While the warheads themselves are assembled in England at the Atomic Weapons Establishment in Aldermasten, Faslane is the only facility capable of handling the nuclear-armed submarines.
The two most promising alternate locations, experts say, would be Milford Haven in Wales or the existing naval dockyard at Devonport, Plymouth. But both come with problems.
If Scotland were to vote to leave the United Kingdom, moving the deterrent to Wales, which also has a vocal nationalist movement, might seem risky.
Devonport, meanwhile, stands at the centre of a densely populated area that would make any nuclear accident potentially harmful to many more people.
“Everyone in London is just hoping the referendum doesn’t see a victory for the “yes” vote,” says Mark Fitzpatrick, a former senior U.S. official specialising in nuclear issues and now a senior analyst at London’s International Institute for Strategic Studies.
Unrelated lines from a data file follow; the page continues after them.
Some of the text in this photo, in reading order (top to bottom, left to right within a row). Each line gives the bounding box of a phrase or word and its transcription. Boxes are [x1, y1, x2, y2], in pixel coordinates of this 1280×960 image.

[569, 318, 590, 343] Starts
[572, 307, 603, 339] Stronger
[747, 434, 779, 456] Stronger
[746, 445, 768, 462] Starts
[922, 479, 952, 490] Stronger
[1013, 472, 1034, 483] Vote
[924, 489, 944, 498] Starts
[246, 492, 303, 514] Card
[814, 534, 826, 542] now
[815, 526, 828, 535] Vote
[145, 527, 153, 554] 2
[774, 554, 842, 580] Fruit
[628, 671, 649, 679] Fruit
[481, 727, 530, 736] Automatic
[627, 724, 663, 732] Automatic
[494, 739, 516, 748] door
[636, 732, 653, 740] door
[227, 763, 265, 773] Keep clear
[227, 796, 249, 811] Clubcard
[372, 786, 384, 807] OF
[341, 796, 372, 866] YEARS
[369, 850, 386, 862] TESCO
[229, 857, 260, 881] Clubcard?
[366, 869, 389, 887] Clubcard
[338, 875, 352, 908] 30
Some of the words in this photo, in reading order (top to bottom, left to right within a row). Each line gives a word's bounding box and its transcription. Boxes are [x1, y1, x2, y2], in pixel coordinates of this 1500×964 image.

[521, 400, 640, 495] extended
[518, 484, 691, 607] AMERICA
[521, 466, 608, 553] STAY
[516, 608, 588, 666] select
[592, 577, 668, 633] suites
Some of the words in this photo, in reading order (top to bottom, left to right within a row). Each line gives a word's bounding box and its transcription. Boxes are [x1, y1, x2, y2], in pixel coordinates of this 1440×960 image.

“It would be hugely difficult for what was left of the rump United Kingdom if Scotland left.”
Anxious to rebuff talk of many job losses, the SNP says Faslane would remain a military centre of an independent Scotland, home to a navy of patrol boats and a handful of larger craft.
Cutting a deal on the nuclear deterrent would almost certainly be a part of negotiations between London and Edinburgh on dividing military resources. Some suggest Faslane could remain a “sovereign base” still under London’s control.
“The issue of Trident is a totemic one in Scottish politics,” said Angus Robertson, SNP leader in the Westminster parliament and its spokesman on defence issues. “We would want it gone.”
The Defence Ministry says that if Britain is to retain a permanent nuclear deterrent, Trident replacement offers by far the best value for money.
Other potential solutions - fewer submarines, using low flying cruise instead of ballistic missiles - would be much less resilient and could be destroyed much more easily.
The ruling Conservative party says it is committed to replacing Trident with a similar submarine-based ballistic missile system. Junior coalition partners the Lib Dems, however, have long been opposed and are conducting their own study into potential alternatives.
The opposition Labour Party, which most opinion polls suggest will win or at least emerge as the largest single party after the next election, remains divided. The party’s support for unilateral disarmament at the height of the Cold War is seen contributing hugely to its electoral defeats and it is seen likely to back a submarine missile system.
“Prime ministers do not want to take the decision to be the person to give up our deterrent,” said Sir Richard Mottram, former permanent secretary in the British civil service.
“They worry that in 2050, something horrible will have happened and they will be the person who goes down in history as responsible.”